Device attestation is a security mechanism that cryptographically proves a request comes from a genuine, unmodified device running the authentic AffirmID app. This protects against sophisticated attacks that try to impersonate legitimate devices.
Genuine Device
Confirms the device is a real Apple or Android device, not an emulator or modified hardware.
Secure Boot
Verifies the device booted with a trusted operating system and hasn't been tampered with.
App Integrity
Confirms the AffirmID app is the genuine version from the official app store.
Hardware Security
Checks for hardware-backed keystore and secure enclave availability.
Platform Support
iOS
App Attest & DeviceCheck
- iOS 14.0 and later
- Hardware-backed attestation
- Fraud risk signals via DeviceCheck
Android
Play Integrity API
- Android 5.0 and later
- Device, app, and account integrity
- Google Play licensing verification
Implementation
Enabling Attestation
Attestation is enabled by default for all authentication requests.
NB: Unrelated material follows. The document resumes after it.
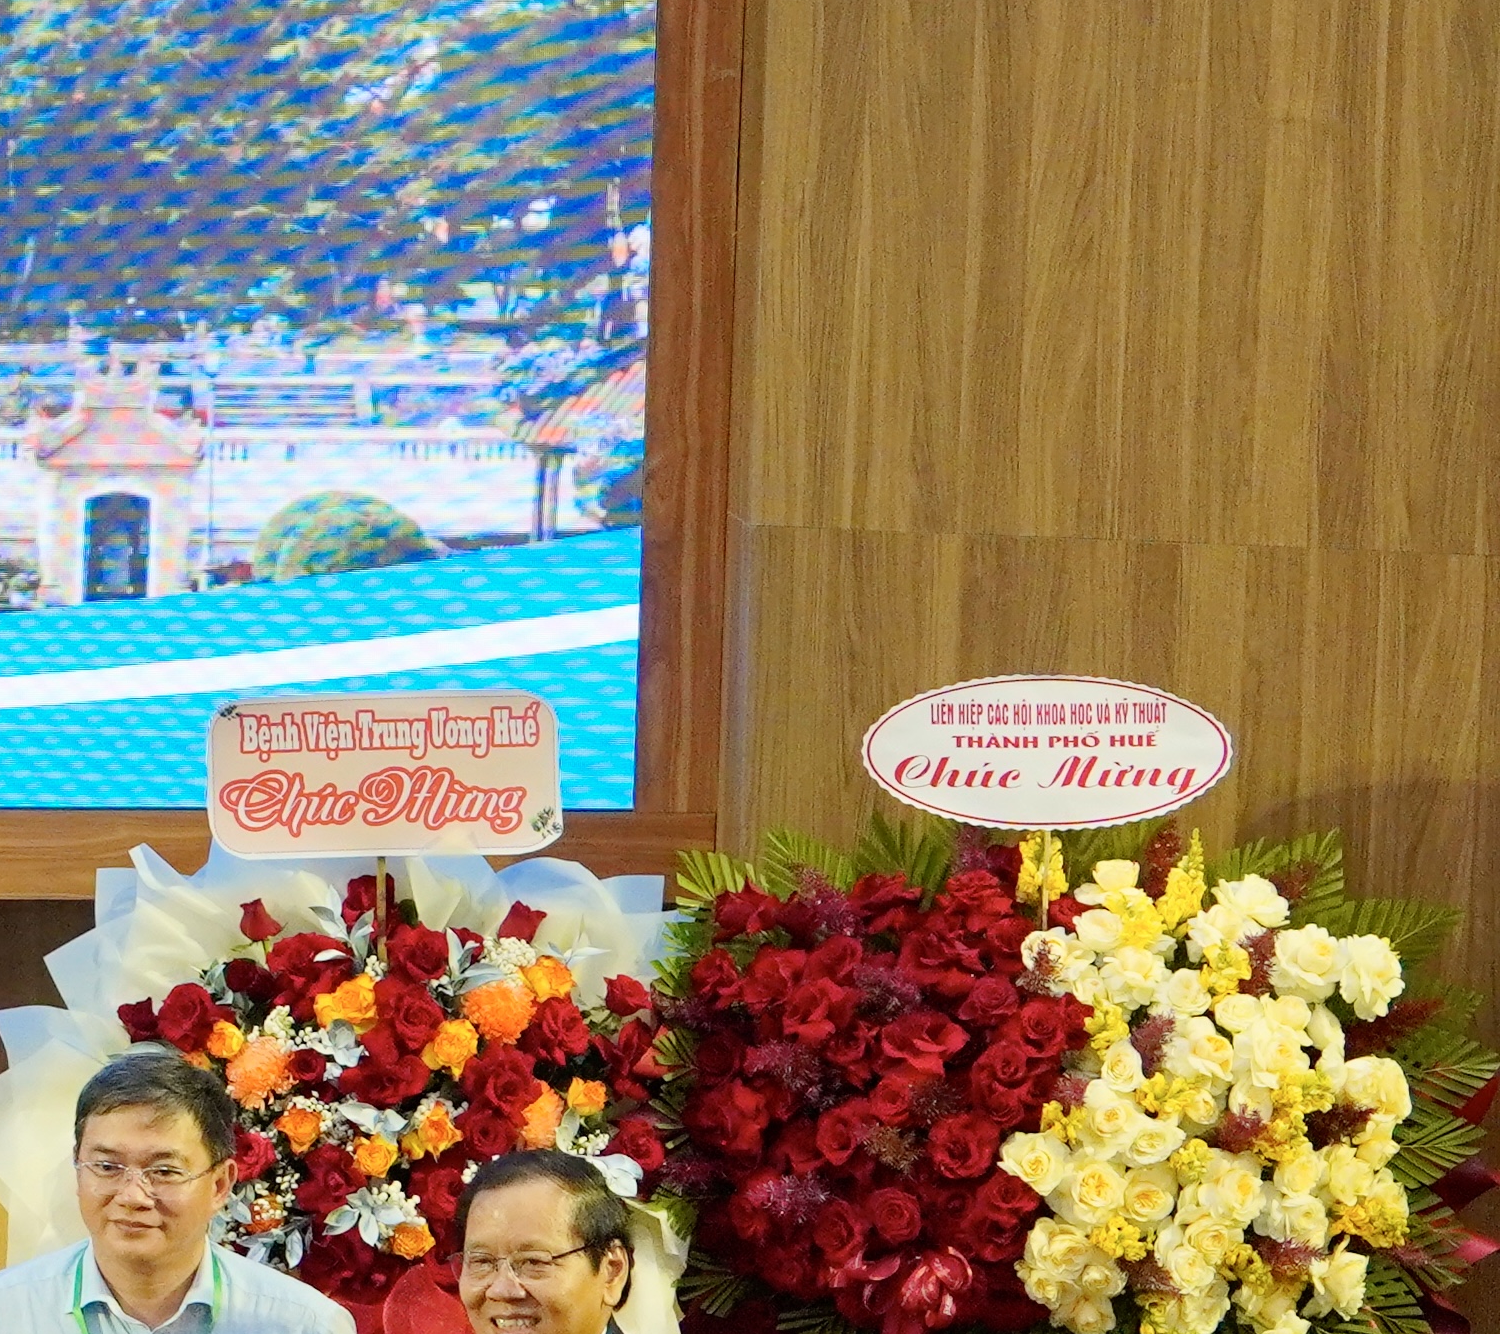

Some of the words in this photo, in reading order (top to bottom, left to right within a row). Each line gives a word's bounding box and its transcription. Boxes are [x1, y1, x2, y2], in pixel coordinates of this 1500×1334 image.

You can configure the enforcement level:
// Configure attestation in your organization settings
await affirmid.settings.update({
attestation: {
// 'enforce' - Reject requests from unattested devices
// 'warn' - Allow but flag unattested requests
// 'off' - Disable attestation checks
mode: 'enforce',
// Minimum acceptable integrity level
minimumIntegrity: 'basic', // 'basic' | 'device' | 'strong'
// Block specific risk signals
blockRootedDevices: true,
blockEmulators: true,
blockDebugMode: true,
}
});Checking Attestation Results
The authentication result includes detailed attestation information:
const result = await affirmid.auth.waitForResult(request.id);
console.log(result.attestation);
// {
// verified: true,
// platform: 'ios',
// integrity: {
// deviceIntegrity: true, // Genuine device
// appIntegrity: true, // Genuine app
// accountIntegrity: true, // (Android) Licensed account
// },
// risks: [], // Any detected risk signals
// timestamp: '2024-01-15T12:00:30Z'
// }Threats Mitigated
| Threat | Description | Blocked |
|---|---|---|
| Rooted/Jailbroken Devices | Devices with modified OS that could expose credentials | |
| Emulators & Simulators | Virtual devices that could be used for automated attacks | |
| Repackaged Apps | Modified app versions that might steal authentication tokens | |
| Hooking Frameworks | Tools like Frida or Xposed that modify app behavior at runtime | |
| Debugging Attacks | Attempts to extract data by attaching debuggers to the app |
Handling Attestation Failures
const result = await affirmid.auth.waitForResult(request.id);
if (!result.attestation.verified) {
// Attestation failed - handle based on risks detected
const risks = result.attestation.risks;
if (risks.includes('rooted_device')) {
// Device is rooted/jailbroken
return res.status(403).json({
error: 'Rooted devices are not supported for security reasons'
});
}
if (risks.includes('emulator')) {
// Running on emulator
return res.status(403).json({
error: 'Please use a physical device'
});
}
// Log for investigation
await logSecurityEvent({
userId: result.userId,
event: 'attestation_failure',
risks: risks
});
}User Communication
When blocking users due to attestation failures, provide clear guidance on how to resolve the issue. Common fixes include updating the OS, reinstalling the app from official stores, or using a different device.
Best Practices
Start with warn mode
Monitor attestation results before enforcing to understand your user base.
Log all failures
Track attestation failures to detect attack patterns.
Consider user impact
Some legitimate users may have older devices that don't support attestation.
Use risk-based approach
Require stricter attestation for high-value transactions.